The risk of a man-made pandemic from a lab escape is not hypothetical. Lab escapes of high-consequence pathogens resulting in transmission beyond lab personnel have occurred (20, 21). The historical record reveals lab-originated outbreaks and deaths due to the causative agents of the 1977 pandemic flu, smallpox escapes in Great Britain, Venezuelan equine encephalitis in 1995, SARS outbreaks after the SARS epidemic, and foot and mouth disease in the UK in 2007. Ironically, these labs were working with pathogens to prevent the very outbreaks that they ultimately caused.
Do benefits outweigh risks? Those who support PPP experiments either believe the probability of PPP escape is infinitesimal or the benefits in preventing a pandemic are great enough to justify the risk. In making decisions for what lines of research will lead to new knowledge, experts must rely on intuition honed by years of research in a particular field. In the case of this PPP research, in our opinion it would take extraordinary benefits and significant reduction of risk via extraordinary biosafety measures to correct such a massive overbalance of highly uncertain benefits to too-likely risks (Wain-Hobson, 2013).
Whatever number we are gambling with, it is clearly far too high a risk to human lives. This Asian bird flu virus research to develop strains transmissible via aerosols among mammals, and perhaps some other PPP research as well, should for the present be banned. We must emphasize that we have been considering only a very small subset of pathogen research. Most pathogen research should proceed unimpeded by unnecessary regulations.
Special precautions in BSL-4 laboratories for work with PPPs should be adopted (22). These would include:
Training a full-time technical staff for work with PPPs. Experiments could be directed by scientists outside the laboratory using modern audio-video technology.
Requiring the staff to follow up extended work shifts with periods of quarantine before they leave the containment area to assure that no PPP escapes from the containment area through an LAI.
Restricting these PPP laboratories to remote locations, where an aerosol escape or other containment failure would pose the least risk of infecting an outside community.
We label BSL-4 laboratories with the special precautions, BSL-4+. While PPP experiments would be carried out primarily under BSL-4+ containment, BSL-3 containment with the special precautions might suffice for some work.

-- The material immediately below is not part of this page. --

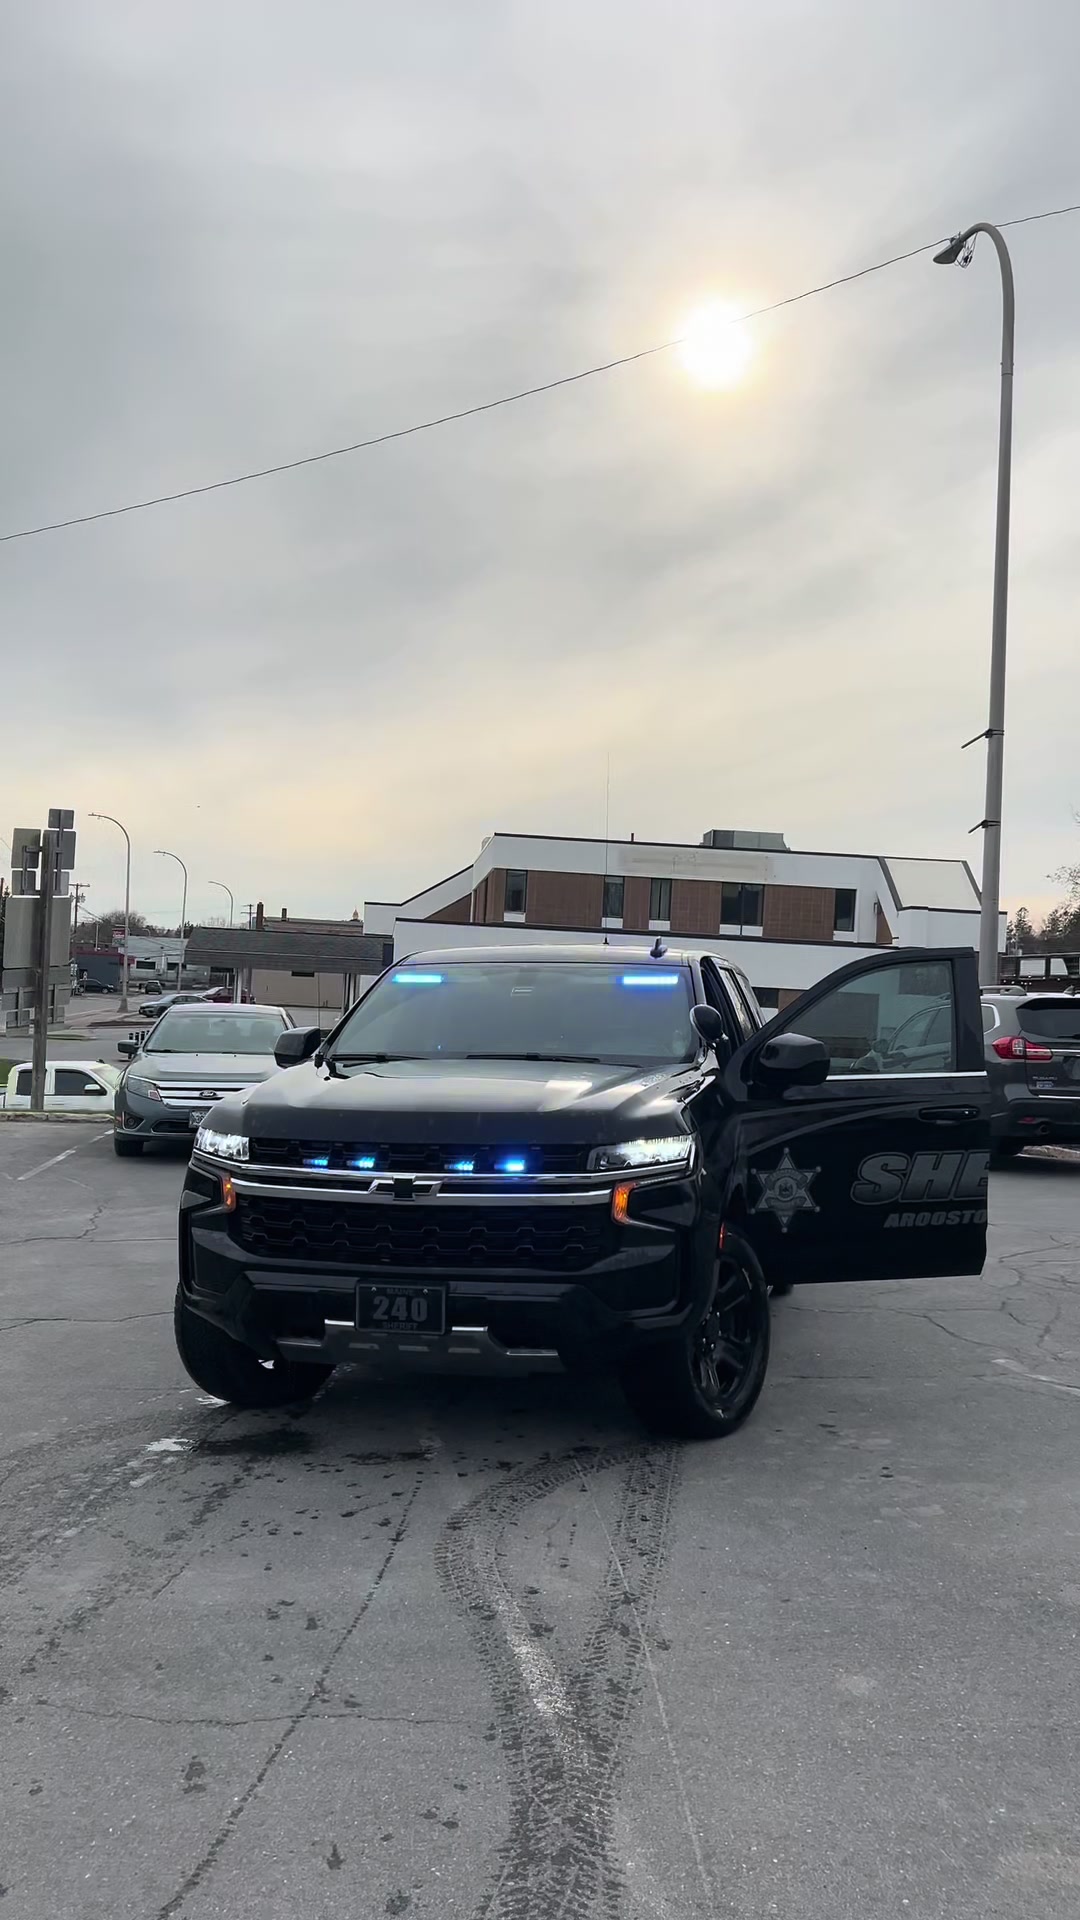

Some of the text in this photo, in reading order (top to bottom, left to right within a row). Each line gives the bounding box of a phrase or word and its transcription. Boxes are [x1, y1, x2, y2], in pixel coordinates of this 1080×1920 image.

[883, 1209, 987, 1228] AROOSTO
[372, 1295, 428, 1322] 240
[382, 1321, 418, 1330] SHERIFF

Given the global threat, the international community should insist on discussions leading to an international agreement that would require the strictest oversight to conduct this particular research anywhere. To place responsibility with the international community where it belongs and to provide maximum transparency, policy makers should require that international inspectors have access to facilities at any time on short notice.

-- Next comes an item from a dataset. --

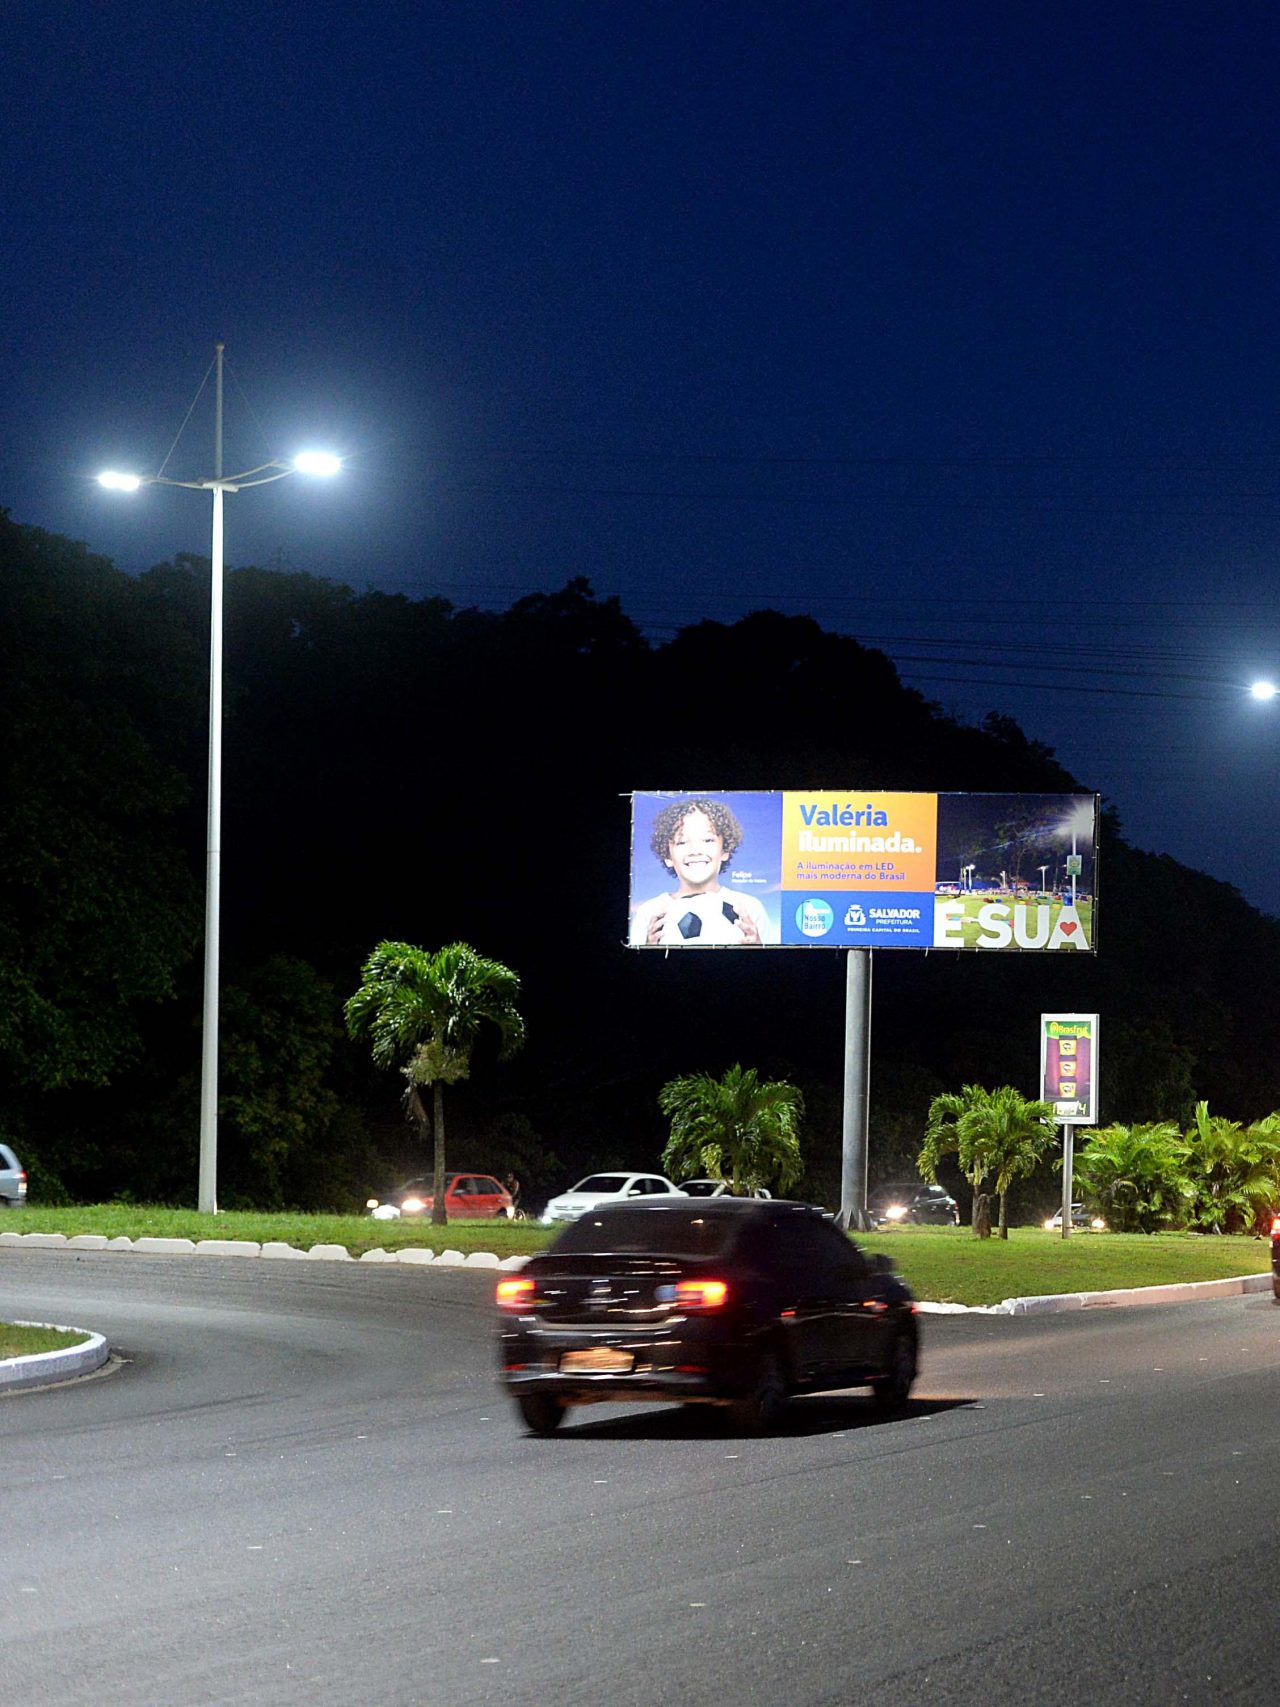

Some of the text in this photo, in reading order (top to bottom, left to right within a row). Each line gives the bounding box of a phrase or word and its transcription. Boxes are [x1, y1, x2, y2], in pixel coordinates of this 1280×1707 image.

As it stands, there is no proactive oversight nor regulations for this PPP research, so any and all of the world’s nations can carry out this dangerous work without regard to consequences. But consequences would be shared by all of us. In the meantime, insurance companies who routinely provide insurance for biological research should consider excluding such risky research from coverage.
Conflict of Interest Statement
The authors declare that the research was conducted in the absence of any commercial or financial relationships that could be construed as a potential conflict of interest.